REMINISCENCES OF YUKON EXPLORATION, 1865-1868

By WILLIAM HEALEY DALL

Smithsonian Institution.

OF the human flood which poured over the Chilkoot crest and inundated the drainage basin of the Yukon in the last years of the nineteenth century, Elizabeth Robins, Joaquin Miller and Jack London have given lurid pictures. The thirst for gold drew miners from every western camp, gamblers from every slum, dreamers from three continents, and human parasites from the whole round world. Ignorant of the climatic conditions, unprepared for the vicissitudes of life in the north, often burdened with preposterous machinery, unsuitable equipment and impossible loads—this motley horde invaded the Yukon territory in quest of fortune. With thousands exhaustion, exposure, disappointment, fear and panic dealt harshly in the end.

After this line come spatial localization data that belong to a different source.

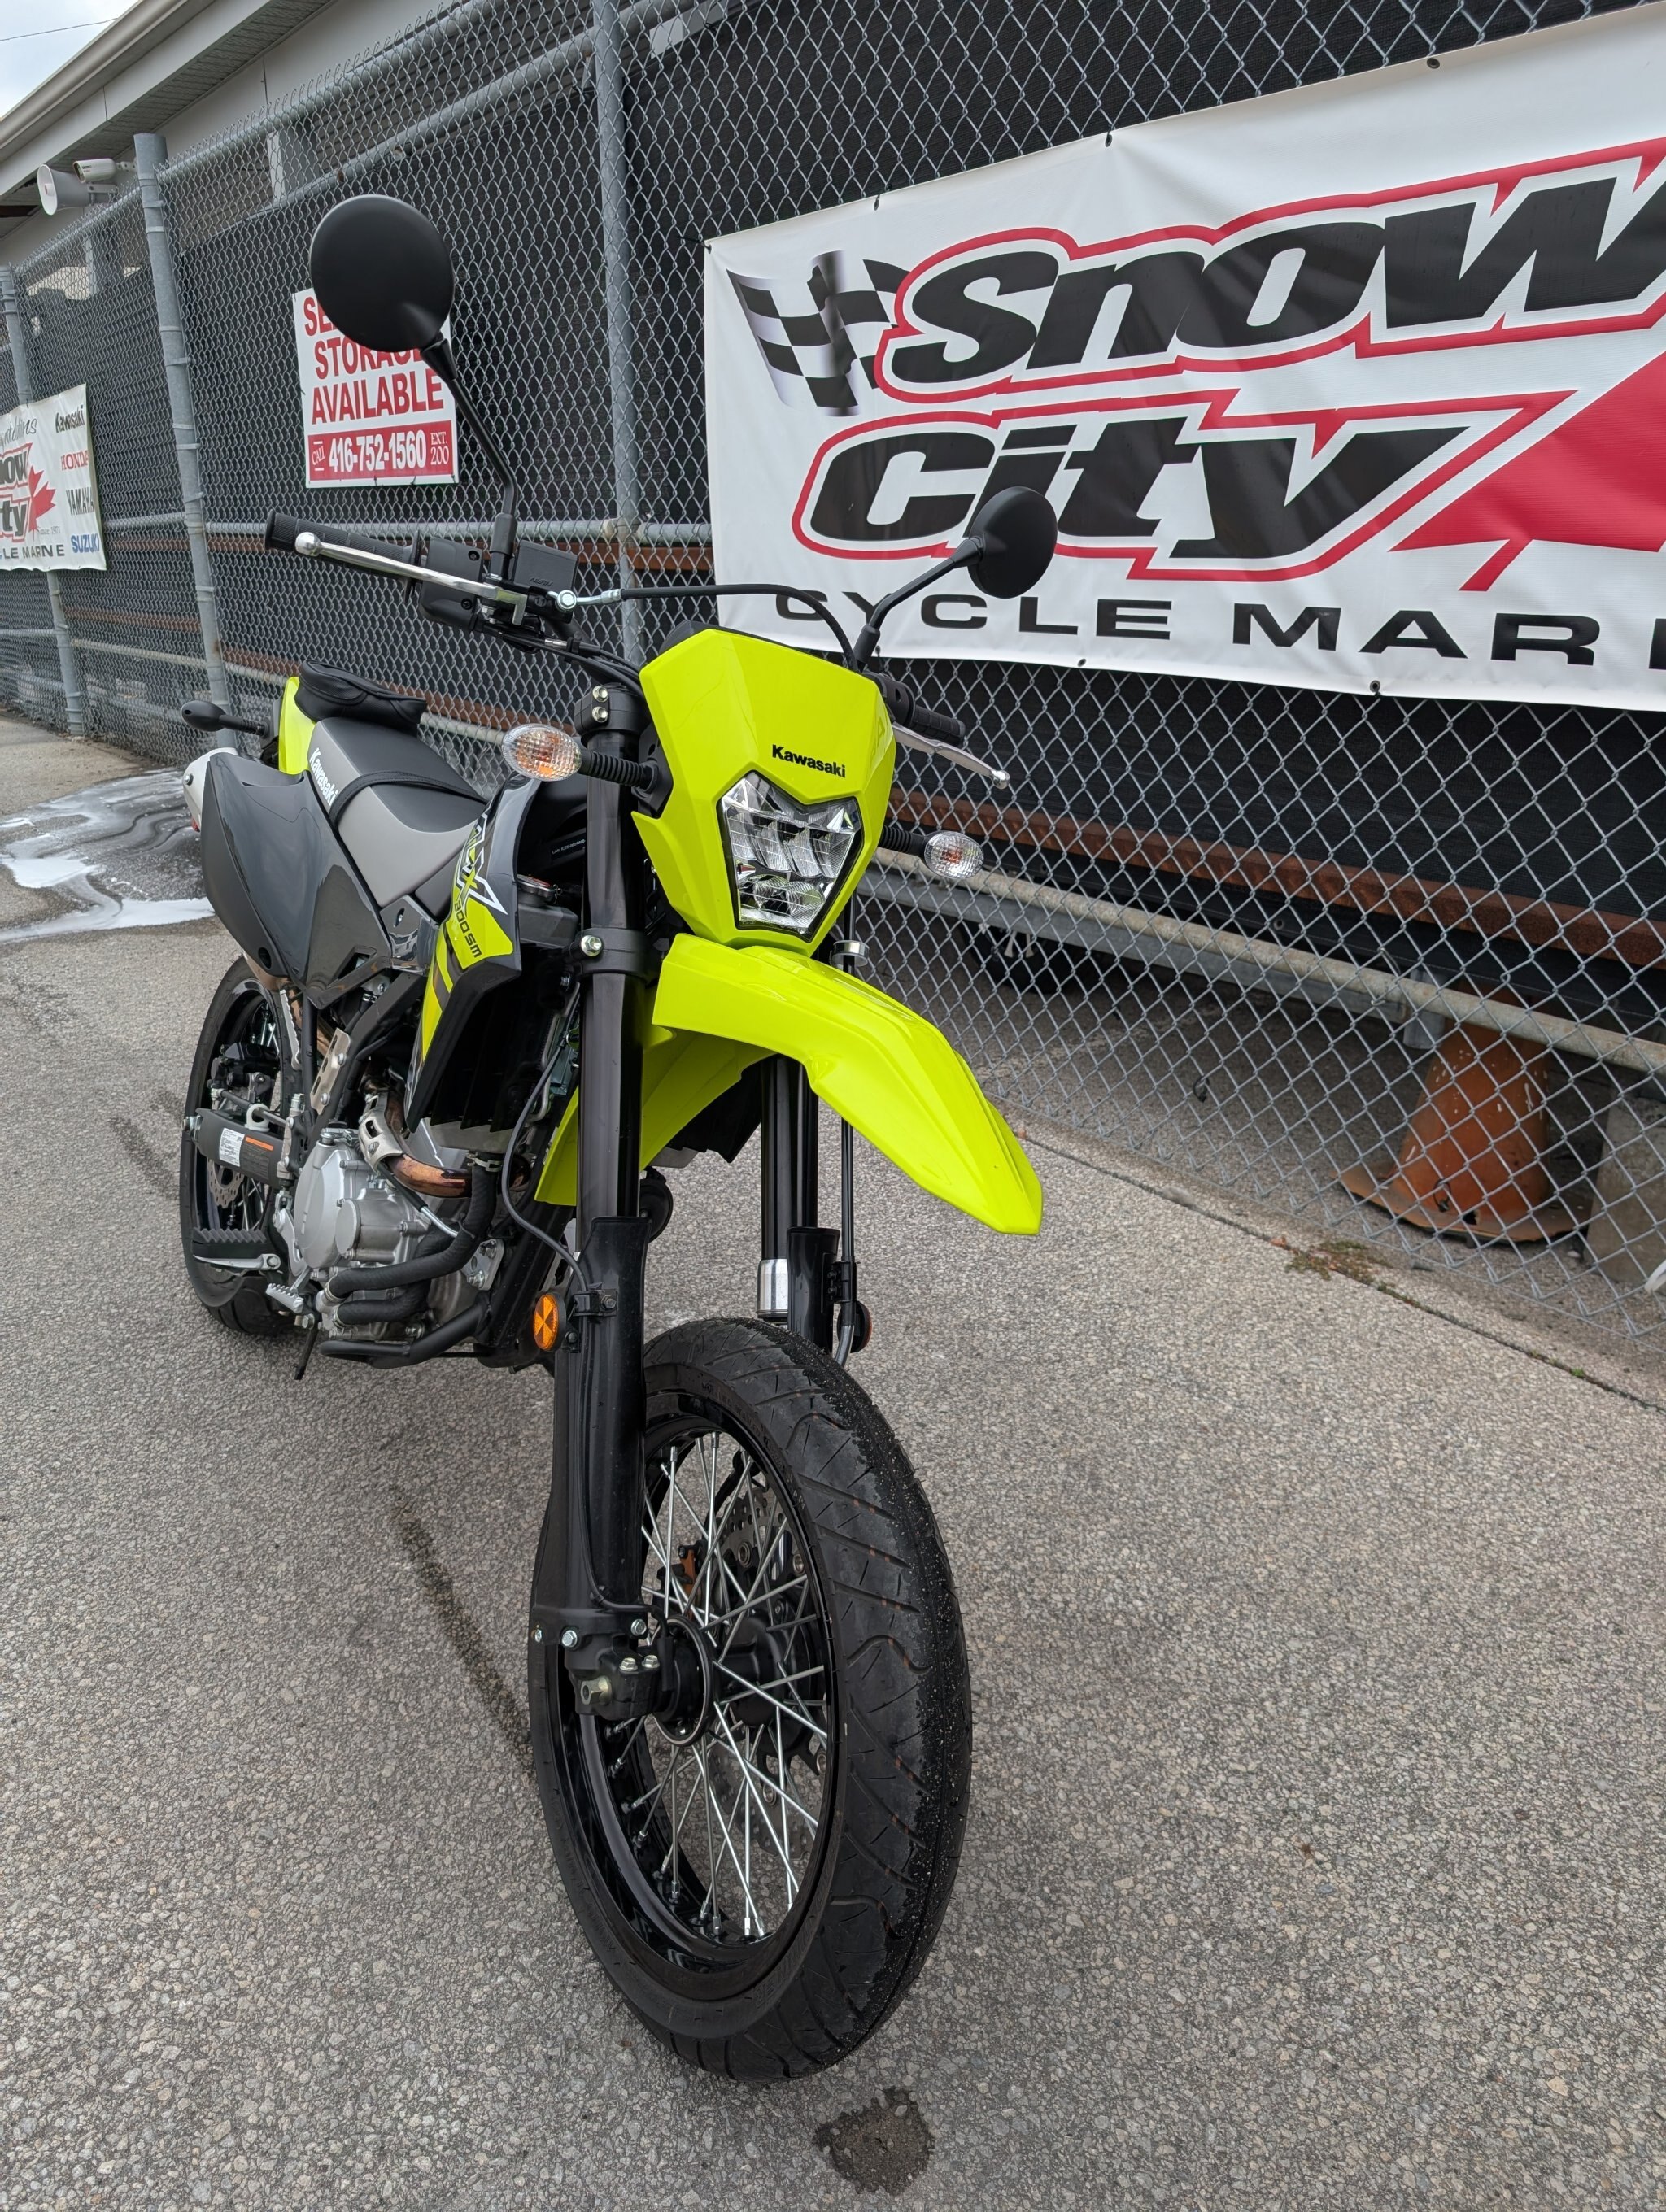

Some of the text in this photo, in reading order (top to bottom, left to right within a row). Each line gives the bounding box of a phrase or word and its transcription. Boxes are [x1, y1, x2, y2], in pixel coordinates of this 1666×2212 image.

[891, 176, 1666, 384] Snow
[314, 335, 424, 380] STOR
[312, 368, 444, 425] AVAILABLE
[312, 429, 427, 472] CALL 416-752-1560
[430, 432, 447, 445] EXT.
[430, 446, 449, 465] 200
[809, 417, 1471, 560] City
[22, 544, 65, 559] MARNE
[309, 747, 339, 807] Kawasaki
[772, 744, 846, 778] Kawasaki
[454, 899, 470, 932] 300

The interplay of human passions among those stripped thus of every conventionality offered an unrivaled opportunity to the observer. Greed, fear, suspicion, cruelty and selfishness revealed themselves, on occasion, as vividly as did the contrasted courage, kindliness, self-denial and heroic endurance of the nobler souls. On the just and the unjust, the strong and the weak, the coward and the courageous, indiscriminately, played the natural forces. The soft, white, clogging snow, the stinging cold, the searching wind, the claims of appetite—none might forego.

What with the fight for mere existence, the struggle for a paying location, the fitful gleaming of hope, fear, realization and disappointment, few in all that seething multitude may have had eyes for the beauty, the solemnity, the poetry of that wild north land. For most of them memory would picture the weary monotony of the trail, the buffeting of wind and snow, the penetrating rigor of the cold. These things so bit into their experience that all other impressions would seem trivial. Upon these factors fiction and romance would lean for local color, until, in the course of years, they would become to the average man essentially typical of the Yukon country. Under these conditions it seems possibly worth while, for one of the few who visited the Yukon region in its virgin prime, to put on record some of the impressions which it left upon his memory.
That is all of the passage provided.